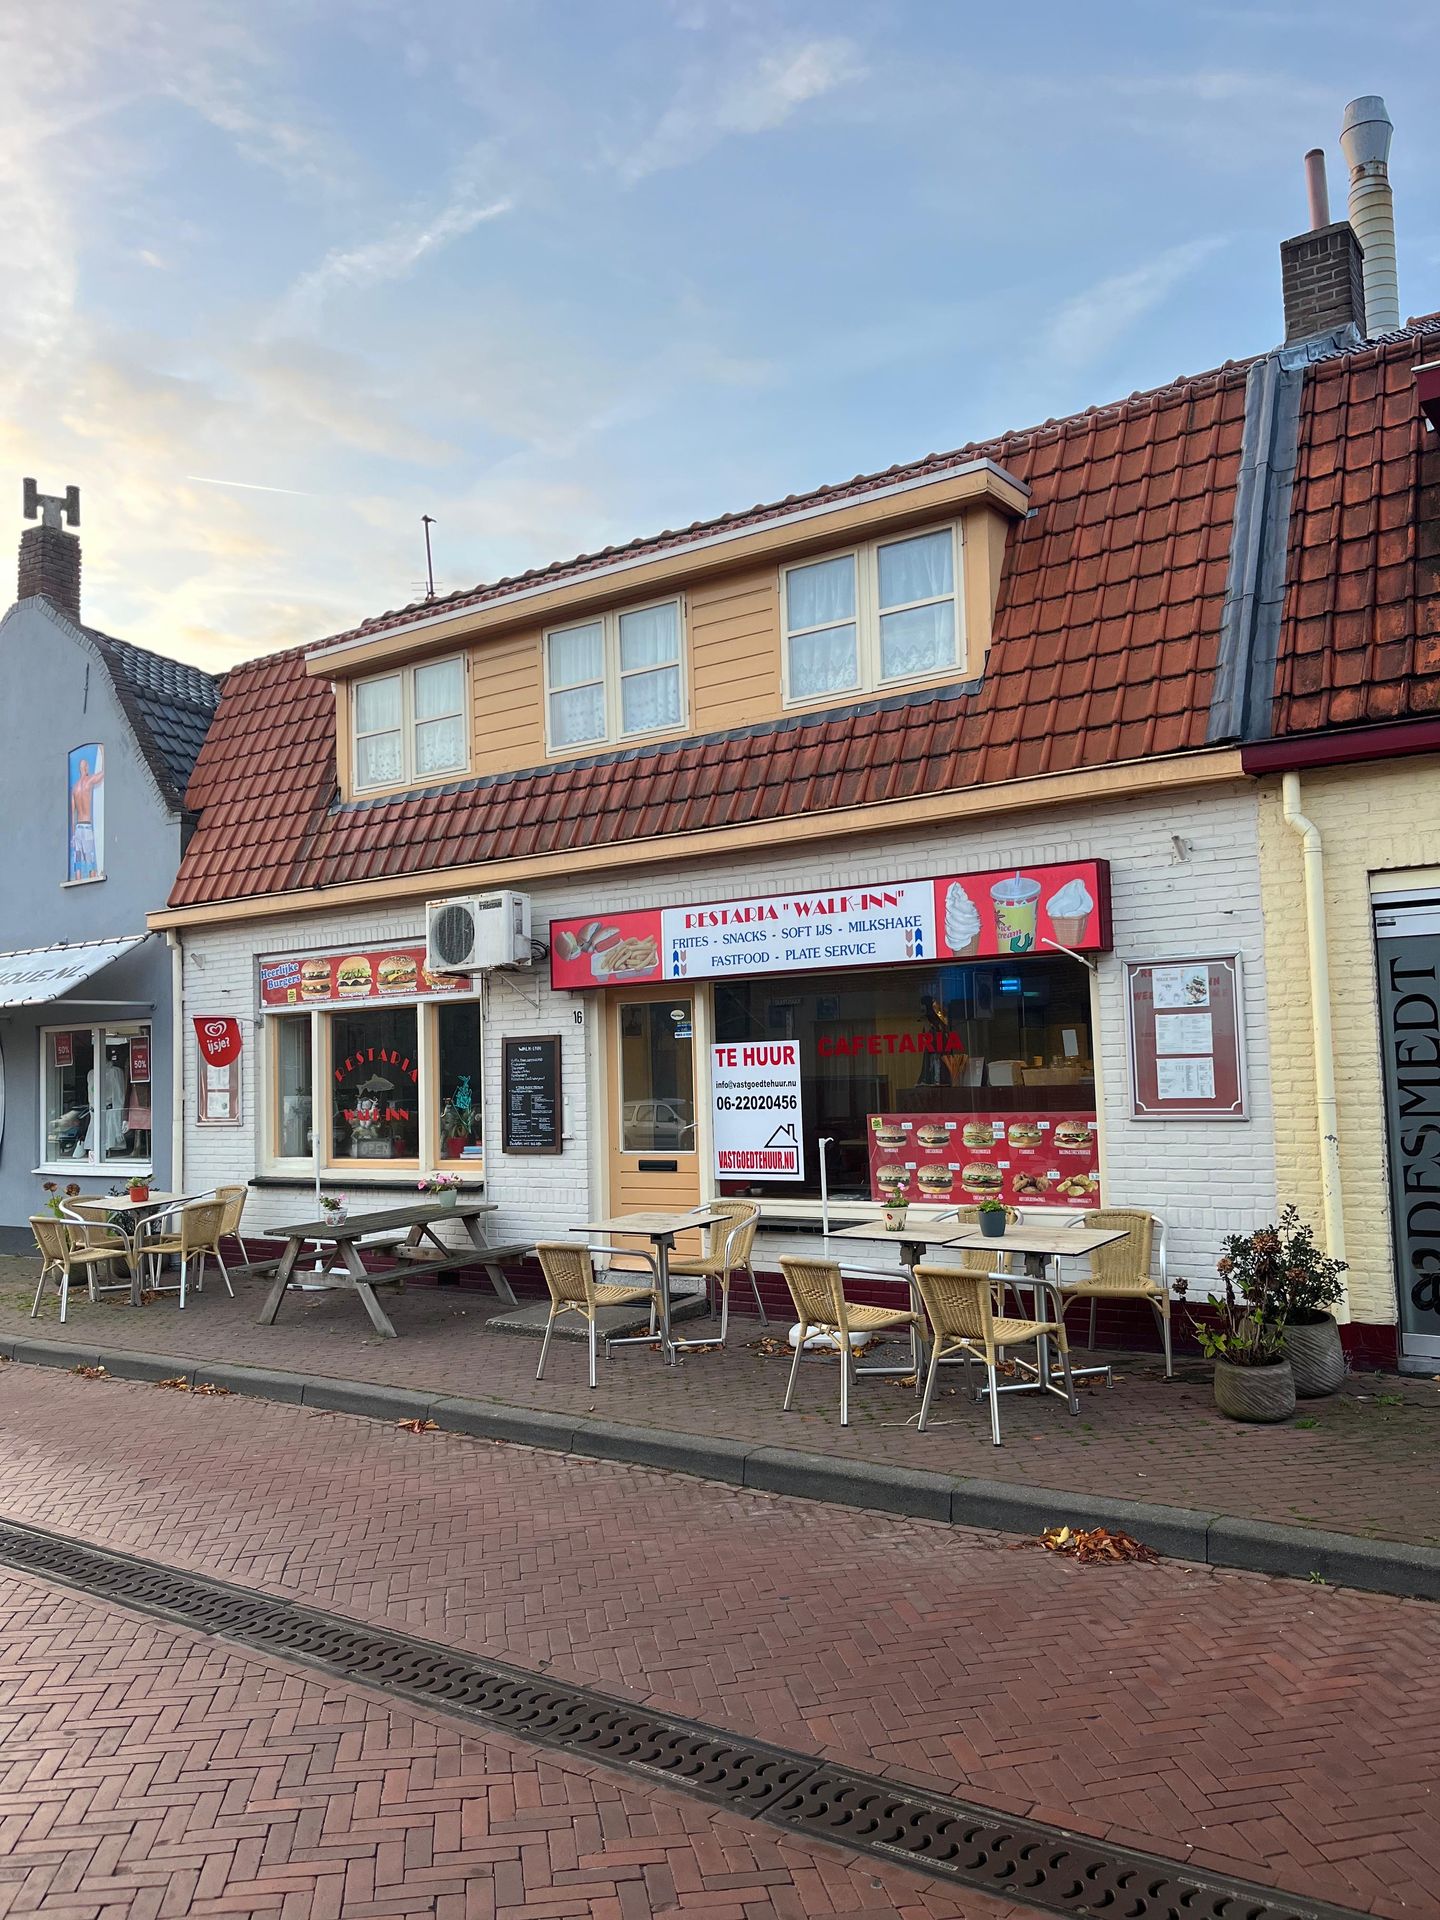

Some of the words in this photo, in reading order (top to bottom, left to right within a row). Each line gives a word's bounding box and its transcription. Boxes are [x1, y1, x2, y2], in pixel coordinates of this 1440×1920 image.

[685, 903, 779, 929] RESTARIA
[672, 936, 709, 950] FRITES
[722, 930, 767, 945] SNACKS
[781, 927, 811, 940] SOFT
[815, 924, 833, 936] IJS
[848, 915, 923, 933] MILKSHAKE
[711, 952, 770, 967] FASTFOOD
[785, 947, 821, 961] PLATE
[824, 942, 876, 958] SERVICE
[261, 962, 299, 980] Heerlijke
[267, 974, 301, 990] Burgers
[573, 1010, 583, 1024] 16
[206, 1037, 230, 1055] ijsje?
[817, 1030, 965, 1057] CAFETARIA
[134, 1059, 147, 1069] 50%
[335, 1048, 418, 1083] RESTARIA
[715, 1048, 738, 1068] TE
[743, 1046, 796, 1067] HUUR
[715, 1080, 797, 1090] info@vastgoedtehuur.nu
[716, 1095, 798, 1110] 06-22020456
[360, 1142, 389, 1155] OPEN
[718, 1151, 795, 1169] VASTGOEDTEHUUR.NU

########################################

◆ **Activity**:
No pictures belong in the copy. Repeat the entries exactly.

◆ **Output for this exercise**:
Some of the words in this photo, in reading order (top to bottom, left to right within a row). Each line gives a word's bounding box and its transcription. Boxes are [x1, y1, x2, y2], in pixel coordinates of this 1440×1920 image.

[685, 903, 779, 929] RESTARIA
[672, 936, 709, 950] FRITES
[722, 930, 767, 945] SNACKS
[781, 927, 811, 940] SOFT
[815, 924, 833, 936] IJS
[848, 915, 923, 933] MILKSHAKE
[711, 952, 770, 967] FASTFOOD
[785, 947, 821, 961] PLATE
[824, 942, 876, 958] SERVICE
[261, 962, 299, 980] Heerlijke
[267, 974, 301, 990] Burgers
[573, 1010, 583, 1024] 16
[206, 1037, 230, 1055] ijsje?
[817, 1030, 965, 1057] CAFETARIA
[134, 1059, 147, 1069] 50%
[335, 1048, 418, 1083] RESTARIA
[715, 1048, 738, 1068] TE
[743, 1046, 796, 1067] HUUR
[715, 1080, 797, 1090] info@vastgoedtehuur.nu
[716, 1095, 798, 1110] 06-22020456
[360, 1142, 389, 1155] OPEN
[718, 1151, 795, 1169] VASTGOEDTEHUUR.NU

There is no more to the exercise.